Fresh Herb & Food Combos
Alice Henneman, MS, RDN
A quick snip of a fresh herb into a dish instantly kicks the flavor (and appearance!) up a notch. Following are some popular combinations.
Unless directed otherwise by your recipe, add the more delicate herbs — basil, chives, cilantro, dill leaves, parsley, and mint -- a minute or two before the end of cooking or sprinkle them on the food before it's served. The less delicate herbs, such as oregano, rosemary, and thyme, can be added about the last 20 minutes of cooking.

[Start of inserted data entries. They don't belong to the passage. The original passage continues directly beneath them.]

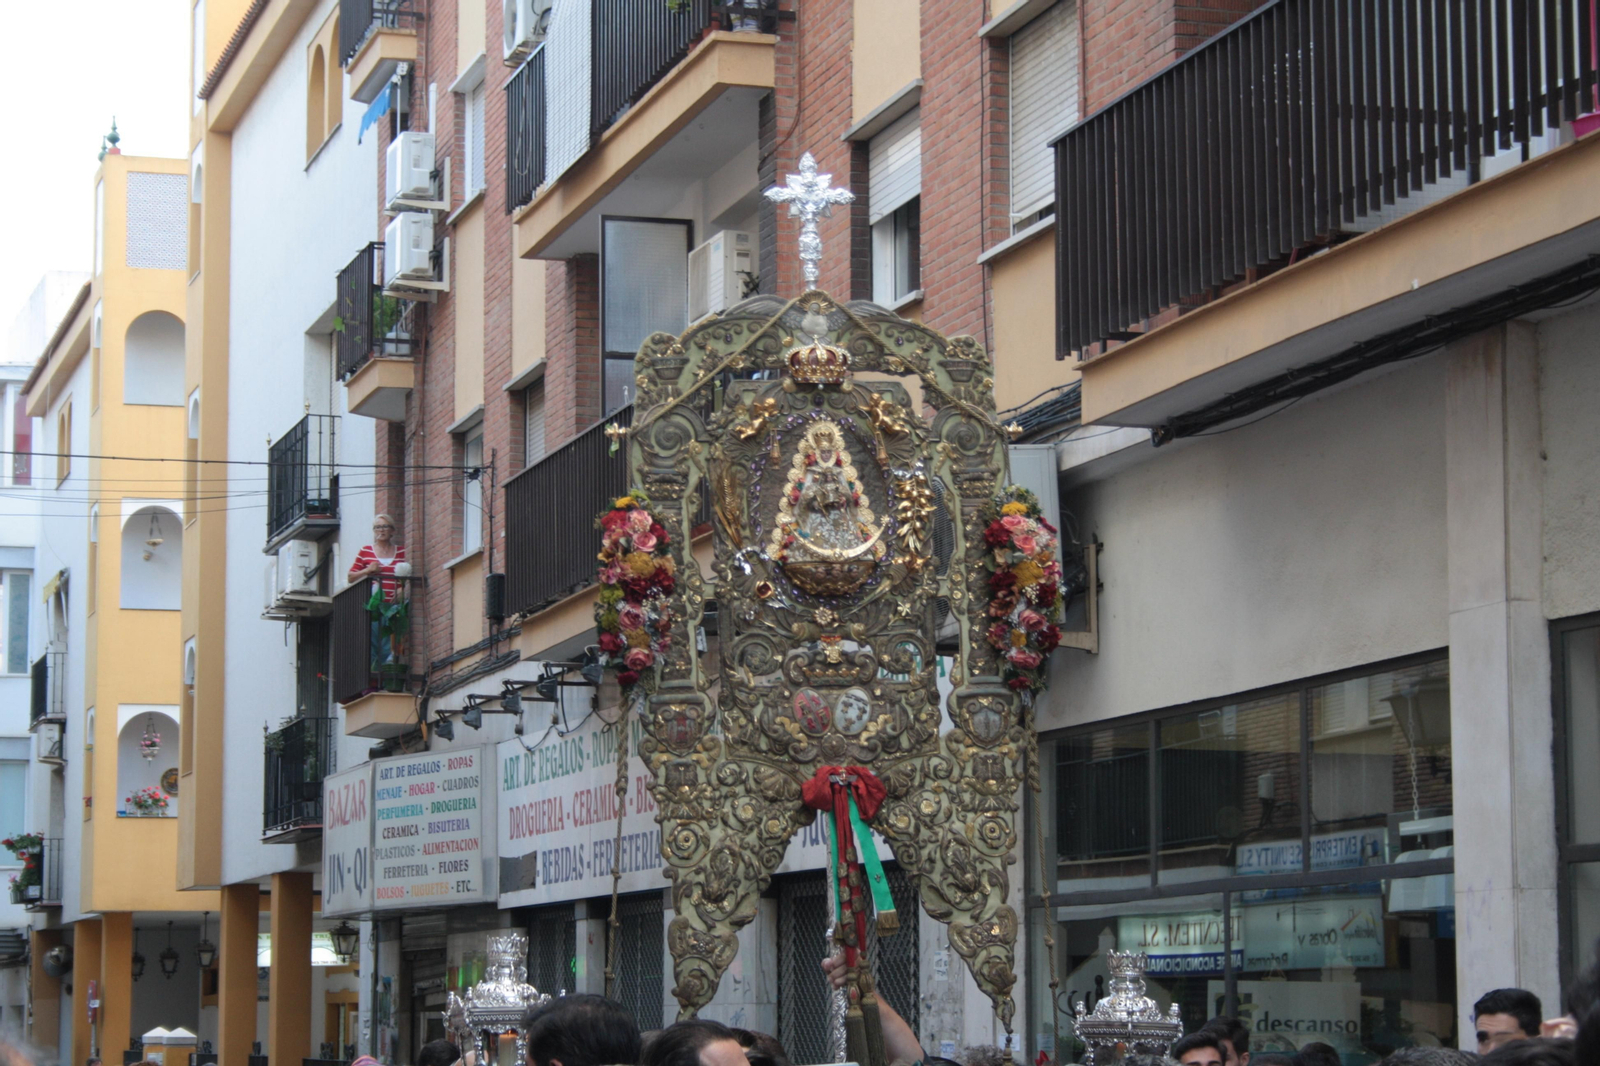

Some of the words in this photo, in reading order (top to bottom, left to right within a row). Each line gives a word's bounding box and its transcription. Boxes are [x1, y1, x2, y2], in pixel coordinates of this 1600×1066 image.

[379, 768, 394, 781] ART.
[396, 765, 406, 778] DE
[407, 760, 441, 777] REGALOS
[447, 755, 474, 771] ROPAS
[503, 755, 522, 791] ART.
[524, 750, 536, 787] DE
[538, 736, 584, 783] REGALOS
[376, 786, 403, 800] MENAJE
[408, 781, 435, 797] HOGAR
[442, 775, 479, 792] CUADROS
[328, 779, 367, 831] BAZAR
[377, 804, 424, 821] PERFUMERIA
[430, 797, 477, 814] DROGUERIA
[382, 824, 419, 840] CERAMICA
[427, 818, 471, 834] BISUTERIA
[509, 795, 565, 841] DROGUERIA
[374, 845, 416, 861] PLASTICOS
[421, 837, 480, 856] ALIMENTACION
[383, 864, 429, 879] FERRETERIA
[438, 859, 469, 874] FLORES
[542, 843, 585, 886] BEBIDAS
[326, 852, 345, 905] JIN
[376, 886, 405, 900] BOLSOS
[410, 882, 450, 898] JUGUETES
[1256, 1011, 1358, 1034] descanso

BASIL - a natural snipped in with tomatoes; terrific in fresh pesto; other possibilities include pasta sauce, peas, zucchini
CHIVES - dips, potatoes, tomatoes
CILANTRO - Mexican, Asian and Caribbean cooking; salsas, tomatoes
DILL - carrots, cottage cheese, fish, green beans, potatoes, tomatoes
MINT - carrots, fruit salads, parsley, peas, tabouli, tea
OREGANO - peppers, tomatoes
PARSLEY - The curly leaf is the most common, but the flat-leaf or Italian parsley is more strongly flavored and often preferred for cooking. Naturals for parsley include potato salad, tabouli, egg salad sandwiches
ROSEMARY - chicken, fish, lamb, pork, roasted potatoes, soups, stews, tomatoes
THYME - eggs, lima beans, potatoes, poultry, summer squash, tomatoes
Approximate equivalent amounts of different forms of herbs are:
- 1 tablespoon finely cut fresh herbs
- 1 teaspoon crumbled dried herbs
- ¼ to ½ teaspoon ground dried herbs
Begin with ¼ teaspoon of most ground spices or ground dried herbs for these amounts; adjust as needed. Use more herbs when using a crumbled dried or a fresh form.
- 4 servings
- 1 pound of meat
- 1 pint (2 cups of soup or sauce)
(Red pepper intensifies in flavor during cooking; add in small increments.)
When doubling a recipe, do not double spices and herbs. Increase amounts by 1½ times. Add more if needed.